Altered glutamate-mediated neurotransmission has repeatedly been linked to schizophrenia, but compelling evidence for its involvement has been lacking, and all commonly prescribed antipsychotic drugs act on dopamine receptors. Sandeep Patil and his colleagues now report that a selective agonist of a specific subtype of glutamate receptors known as mGlu2/3 has antipsychotic effects in patients with the disease. They evaluated their drug -- LY2140023 -- in a double-blind, placebo-controlled trial in patients with schizophrenia, and compared how well it worked versus olanzapine, a commonly used antipsychotic compound that targets dopamine receptors. The authors found that patients treated with LY2140023 showed improvements in both positive (hallucinations, delusions and thought disorder) and negative (social withdrawal, apathy and emotional blunting) symptoms of schizophrenia compared to placebo after four weeks of treatment.
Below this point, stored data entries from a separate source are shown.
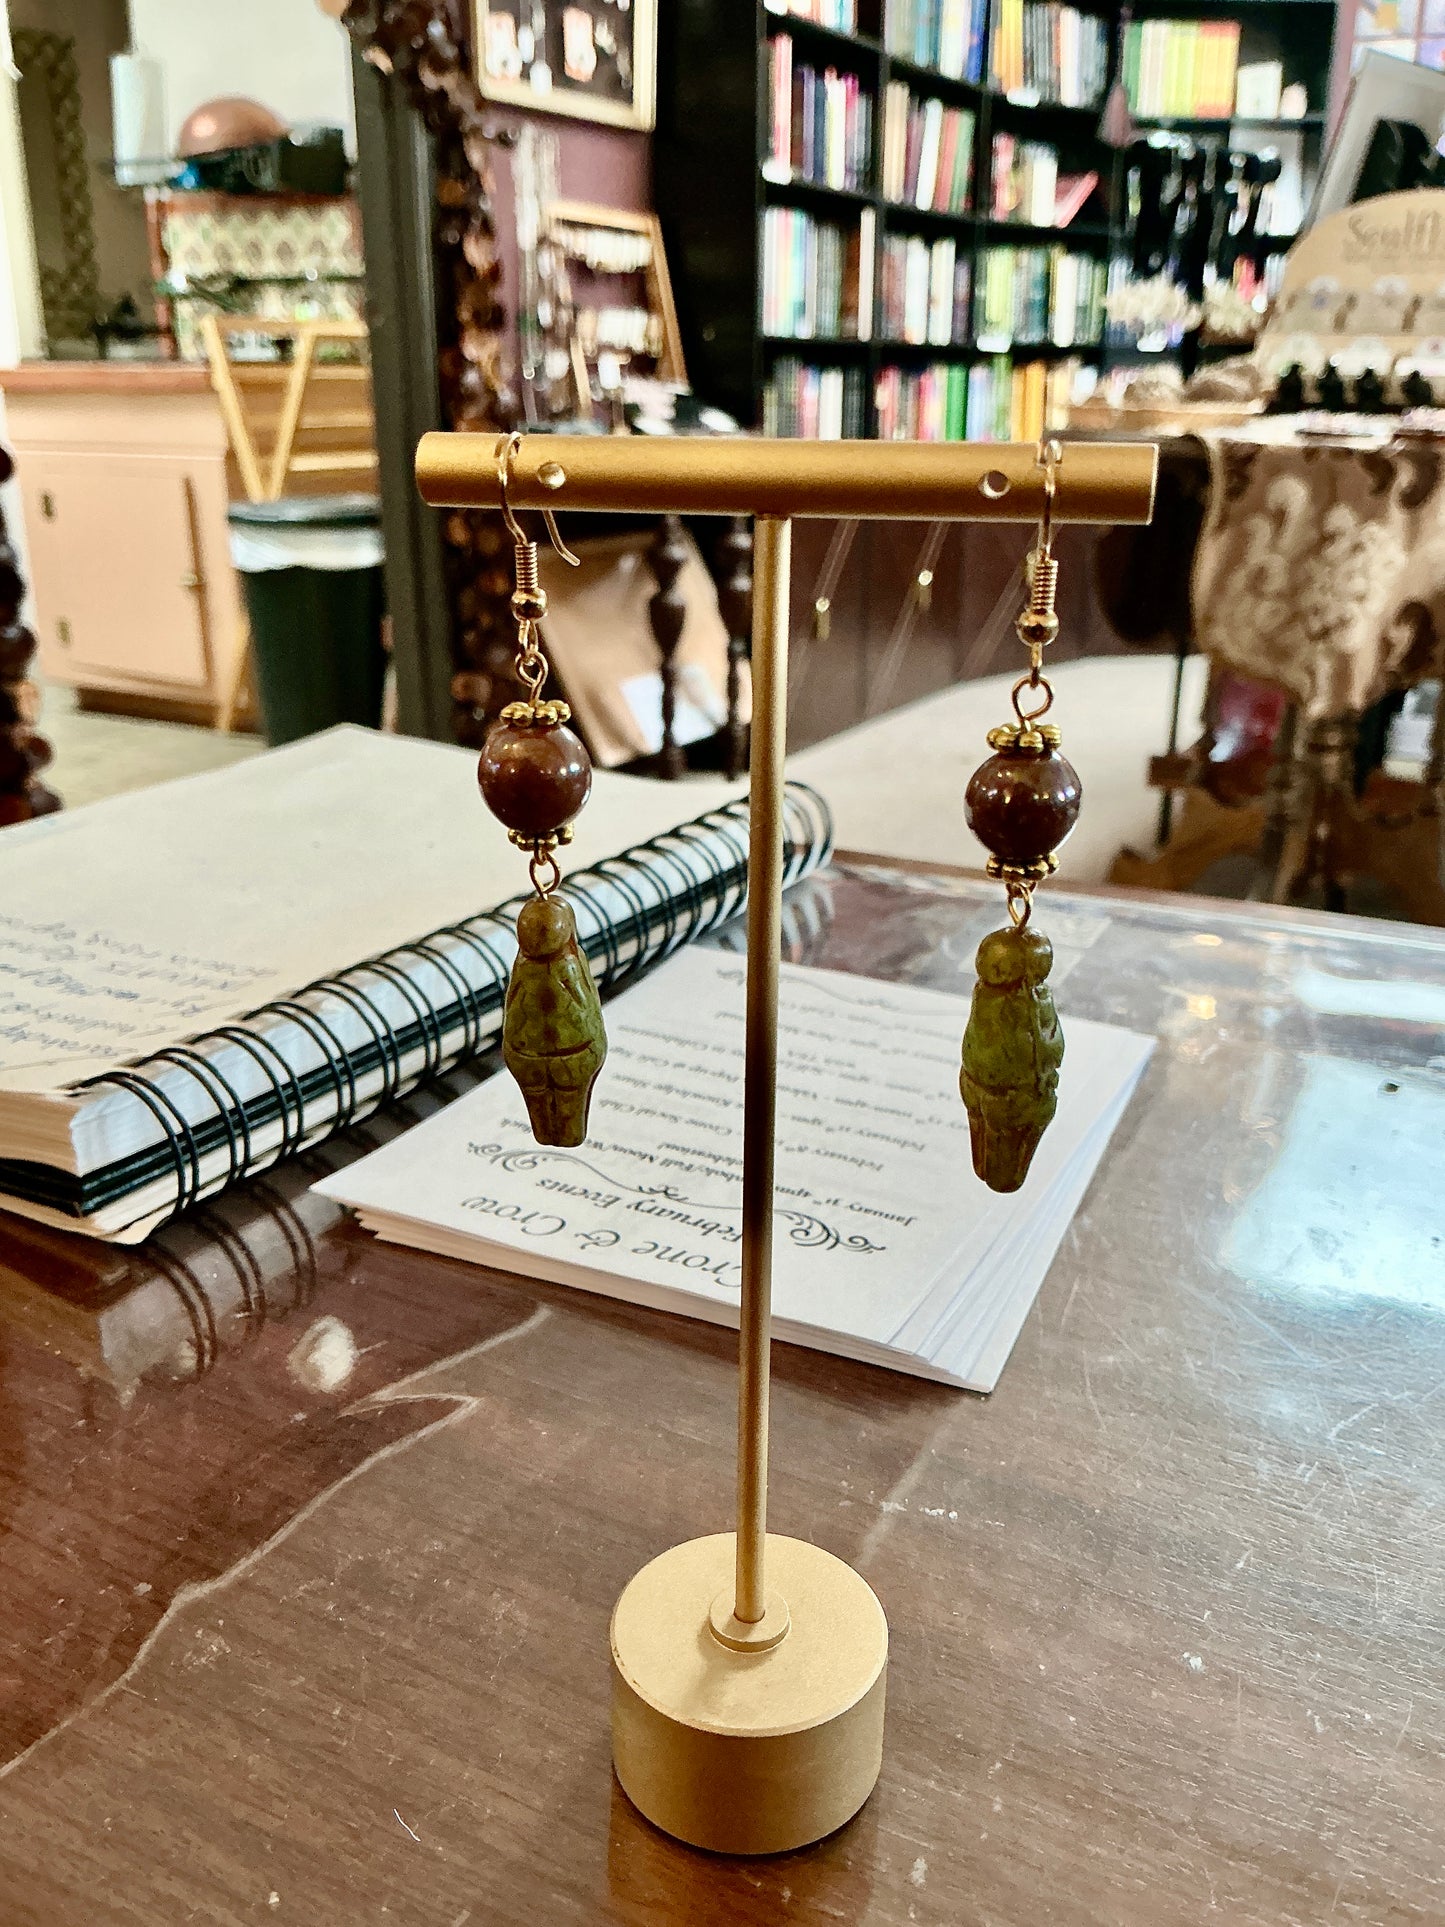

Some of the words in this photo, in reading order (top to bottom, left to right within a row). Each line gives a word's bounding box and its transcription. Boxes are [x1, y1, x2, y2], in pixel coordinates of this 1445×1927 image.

[855, 1130, 926, 1152] February
[656, 1144, 745, 1166] elebration!
[814, 1150, 884, 1172] February
[535, 1180, 622, 1209] Events
[460, 1198, 567, 1236] Crow
[625, 1200, 744, 1243] February
[847, 1204, 916, 1227] January
[573, 1230, 621, 1250] &
[630, 1242, 743, 1290] Crone
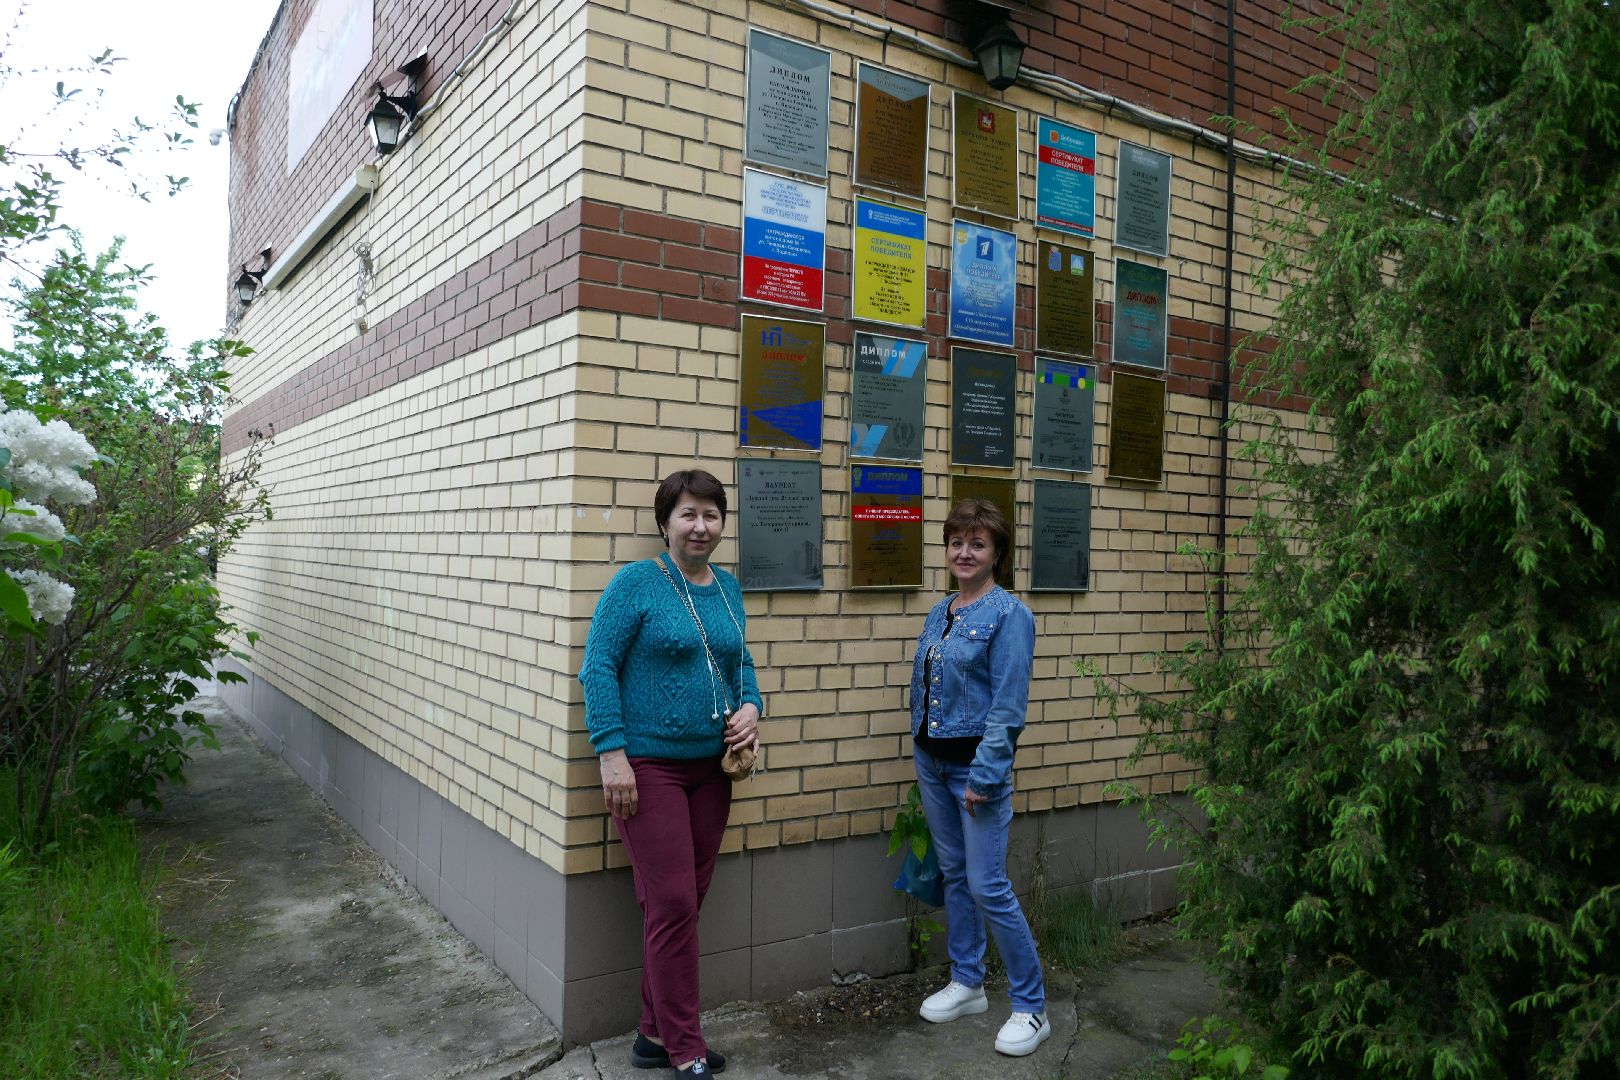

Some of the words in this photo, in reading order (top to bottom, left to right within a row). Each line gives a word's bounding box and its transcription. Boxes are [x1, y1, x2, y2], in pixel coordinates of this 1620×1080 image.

[769, 65, 810, 83] ДИПЛОМ
[1051, 149, 1083, 164] СЕРТИФИКАТ
[1050, 157, 1083, 172] ПОБЕДИТЕЛЯ
[871, 237, 911, 251] СЕРТИФИКАТ
[870, 245, 911, 259] ПОБЕДИТЕЛЯ
[1126, 290, 1156, 305] ДИПЛОМ
[860, 345, 906, 360] ДИПЛОМ
[867, 472, 908, 481] ДИПЛОМ
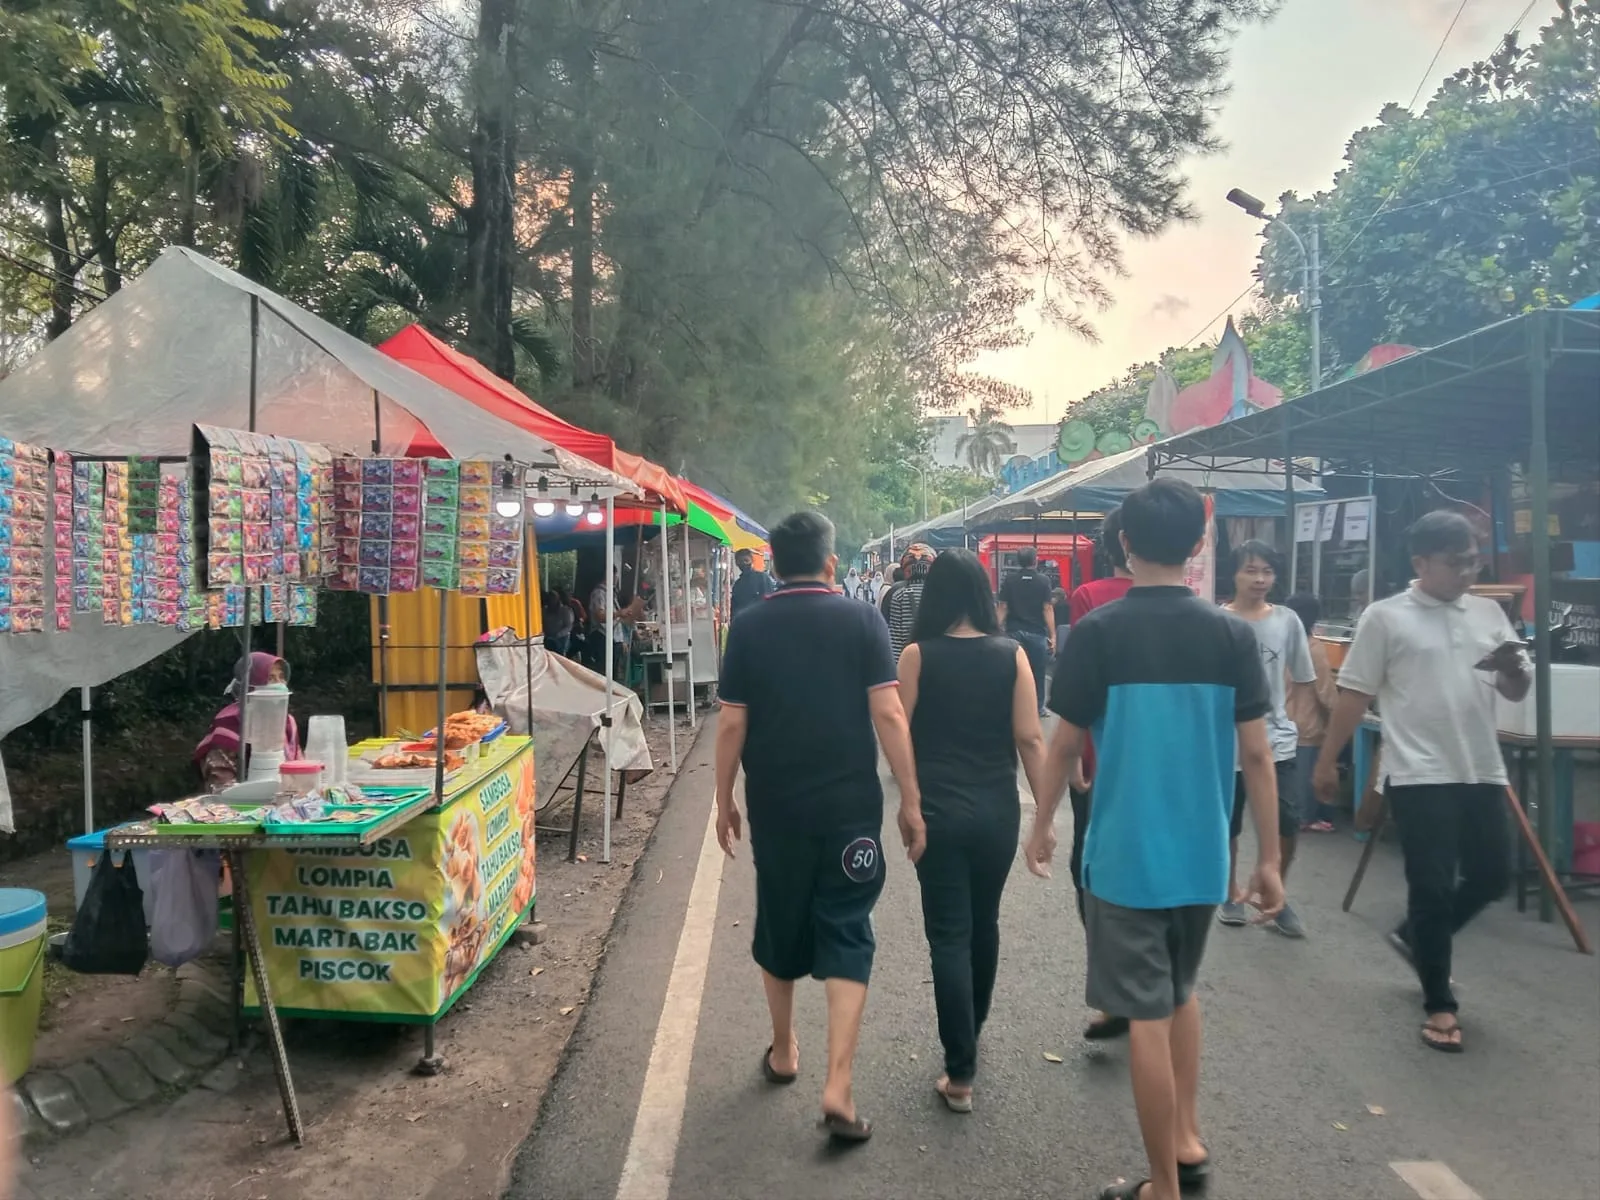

The results from this study indicate that mGlu2/3 receptor agonists have antipsychotic properties and represent the first credible alternative treatment for schizophrenia that does not target dopamine. Author contacts: Sandeep Patil (Takeda Global Research & Development Center, Deerfield, IL, USA)
E-mail: spatil@tgrd.com James Monn (Eli Lilly and Company, Indianapolis, IN, USA)
E-mail: Monn_James_A@lilly.com Abstract available online. (C) Nature Medicine press release.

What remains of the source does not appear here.